As Hlavacik demonstrates, “The 1619 Project” itself participated in the rhetoric of exposé: depicting America as a fount of oppression rather than liberty, it also indicted schools for neglecting a full accounting of discomfiting chapters of our past. It is true, as the “1619 Project” contributor Nikita Stewart noted, that some popular history textbooks have given short shrift to slavery. But most history teachers in the U.S. no longer rely upon a textbook for daily instruction. They draw on a wide range of other sources, and they certainly address topics like slavery. A USA Today report found, too, that across the country, teachers are discussing difficult subject matter with nuance and presenting varied perspectives on the country’s history. Some teachers’ lessons might lack sophistication or depth, but the idea that schools are neglecting or ignoring slavery is probably overstated.

So, too, is the notion that our schools are racked by culture wars. Most schools, according to the AHA survey, present American history as a slow but steady march toward fulfilling our founding ideals. As the authors of that report found, history teachers are generally committed “to teaching both inspirational and unsettling histories.” Perhaps Trump’s actions—combined with state laws barring “divisive” concepts from the classroom—will bring an end to that, forcing teachers to avoid or downplay the ugly parts of our past. But for now, a rough consensus seems to hold sway. Culture warriors routinely distract people from the ideas and practices that Americans share in most classrooms around the country. We live in a deeply polarized society, so it’s hardly a surprise that schools—like other institutions—have become targets of political division and controversy. When you drill down into the schools themselves, however, you are likely to find more agreement than dissent.

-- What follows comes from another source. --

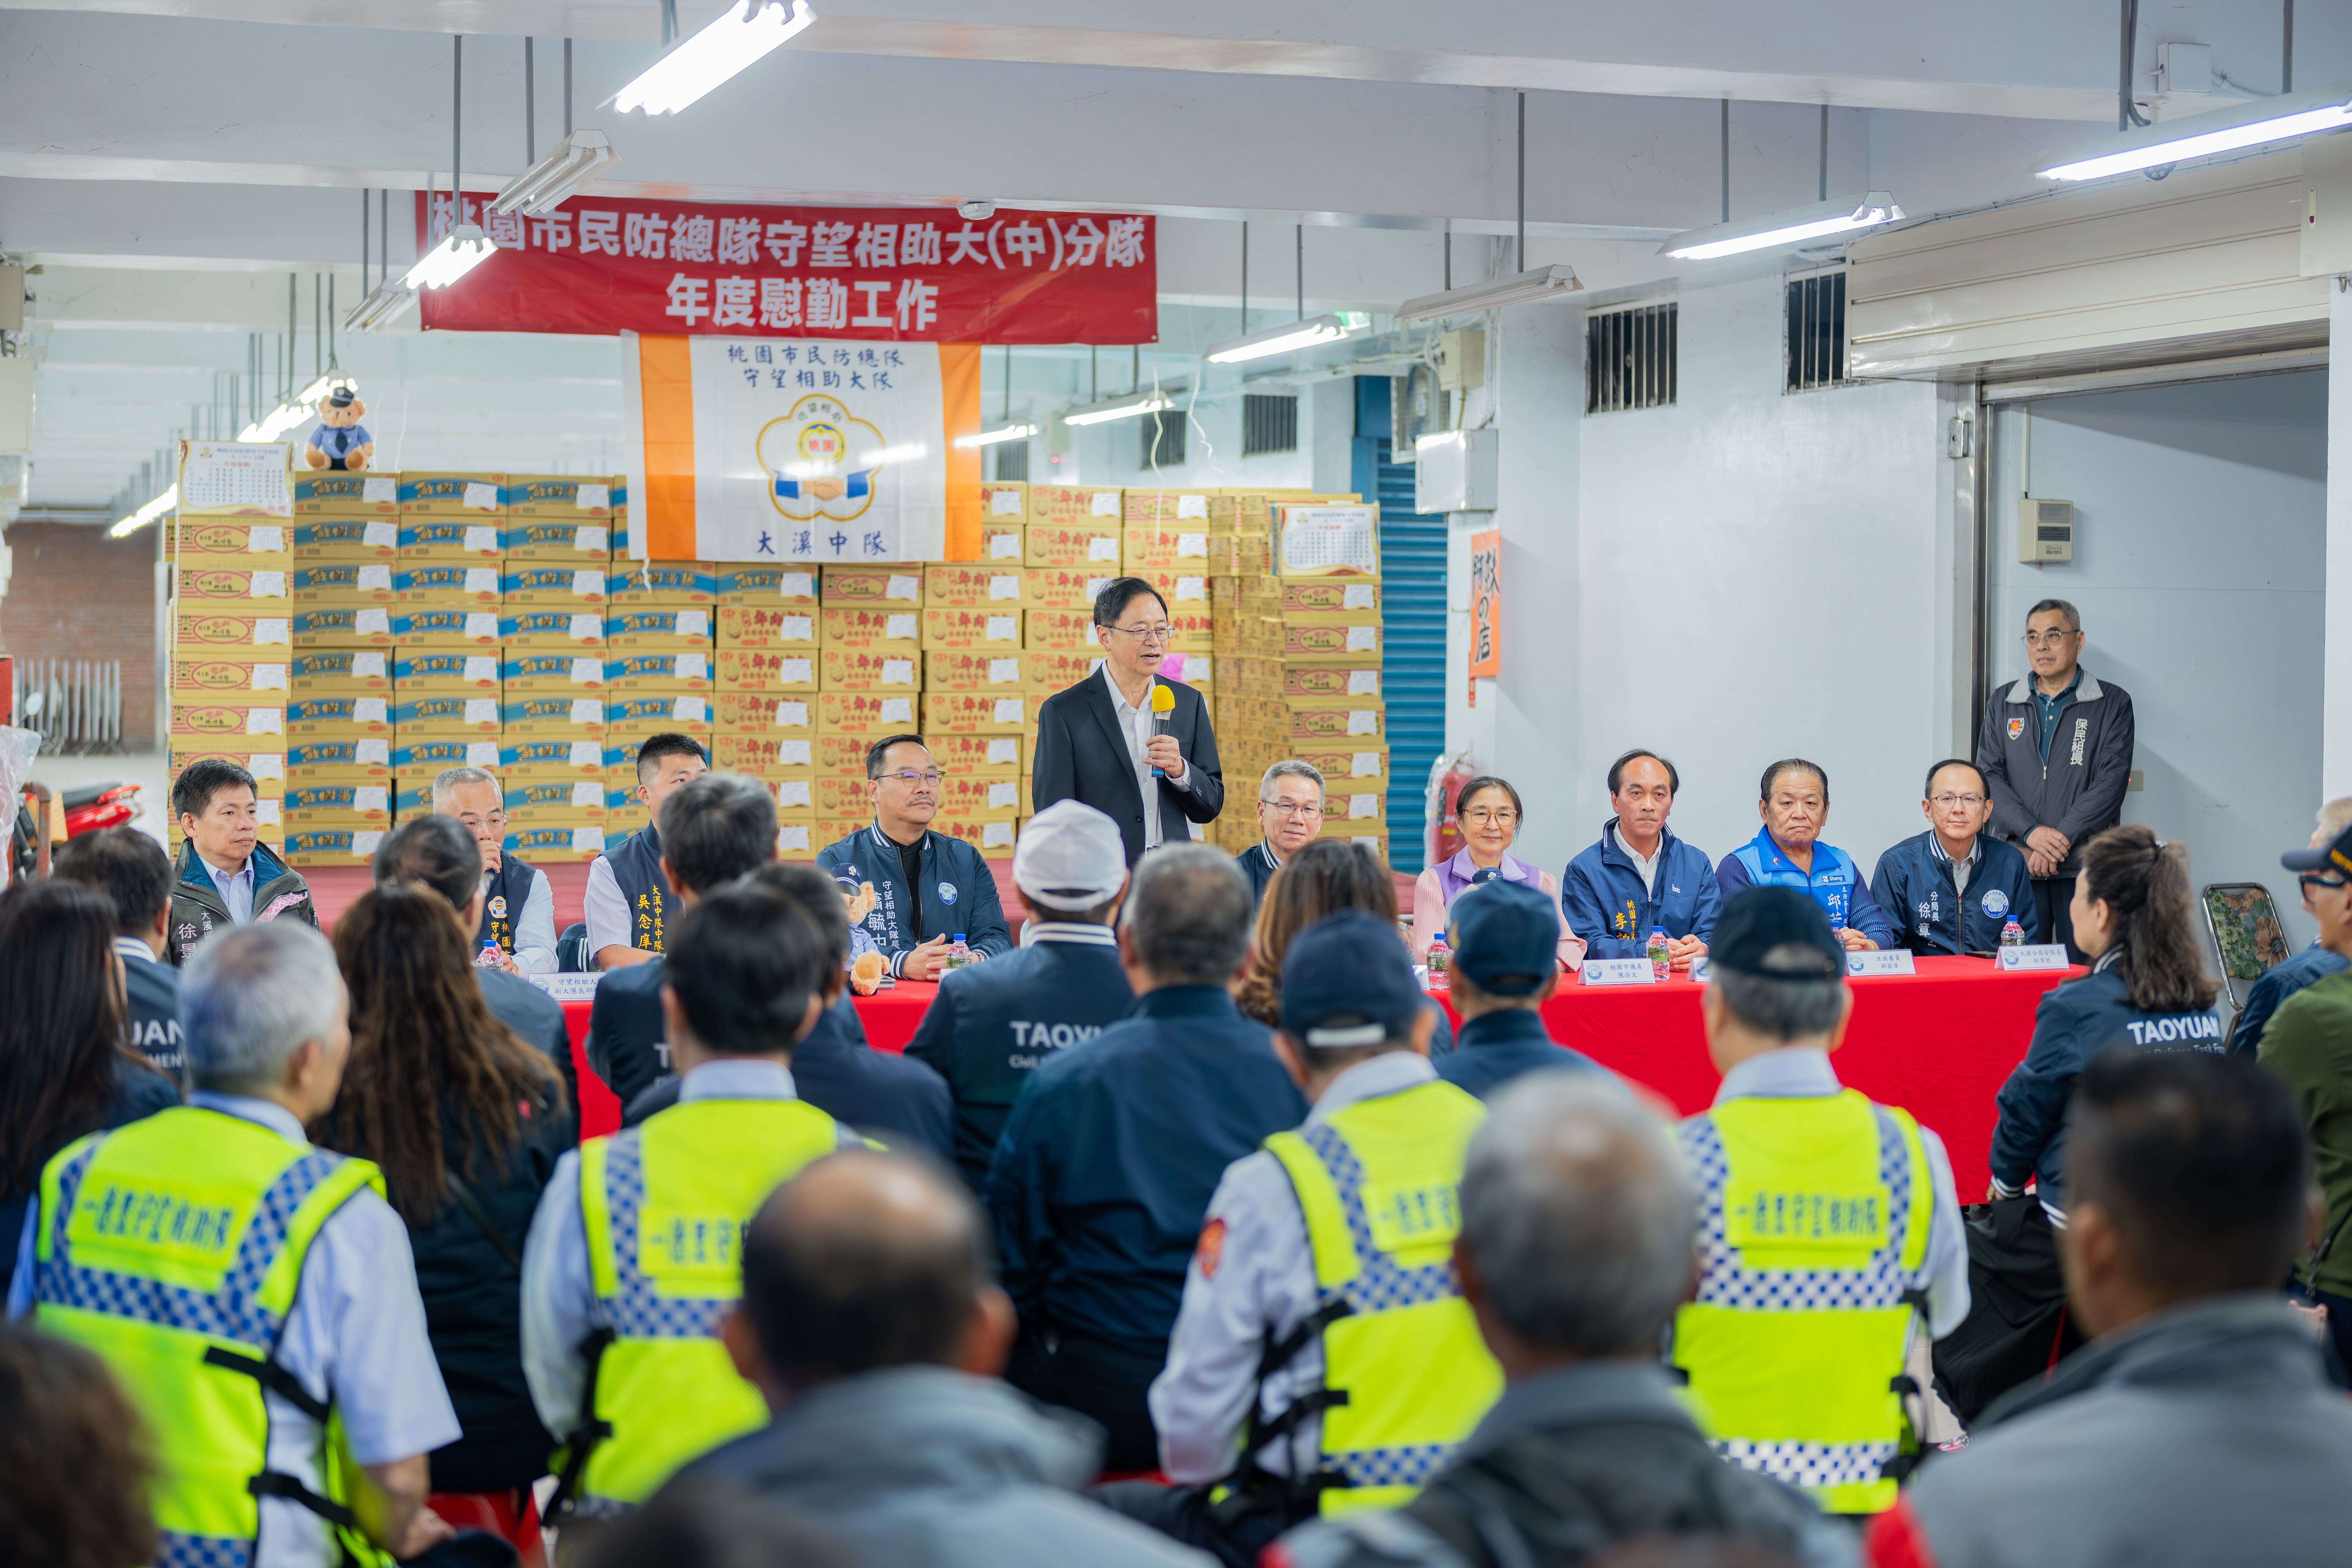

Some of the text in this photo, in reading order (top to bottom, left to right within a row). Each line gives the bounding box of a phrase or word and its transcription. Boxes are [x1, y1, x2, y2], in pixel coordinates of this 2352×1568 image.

In an earlier book, Hlavacik decried the Obama-era consensus on testing and accountability, which he argued exaggerated the deficiencies of American education and blamed schools and teachers for them. As his new volume shows, that bipartisan accord on boosting test scores is largely gone—at a time when we need it more than ever, given recent reports about low academic achievement. But this moment also offers an opportunity to encourage democratic deliberation in schools. Despite the recent boom in homeschooling—and the rapid growth of voucher systems, which provide public dollars for private schools—most Americans continue to patronize their local public schools. These battered but venerable institutions still represent our most promising vehicle for teaching young people how to communicate across the issues that divide us. Instructors can learn from the example of Idaho English teacher Kam Walters, who assigned the report put out by Trump’s 1776 Commission in addition to “The 1619 Project” and told students to “weigh the arguments” in each. I’d like to suggest another experiment: pairing students with kids in other parts of the country to engage in debate and discussion about controversial issues. A school in deep-blue New York City, for example, might connect high schoolers via Zoom with students in bright-red rural Alabama. One week, they might discuss reproductive rights; the next week, gun control.

Hlavacik might reply that I’m envisioning my own innovation here, which will inevitably spawn some kind of exposé. A biased or misinformed teacher will say the wrong thing, a student will videotape them, the tape will go viral, and the outrage machine will kick into gear. But that is a risk we need to take. If we want to preserve American democracy, we must teach the art of argument and compromise. The biggest barrier to educating informed critical thinkers isn’t the culture wars. It’s our fear of engaging in them.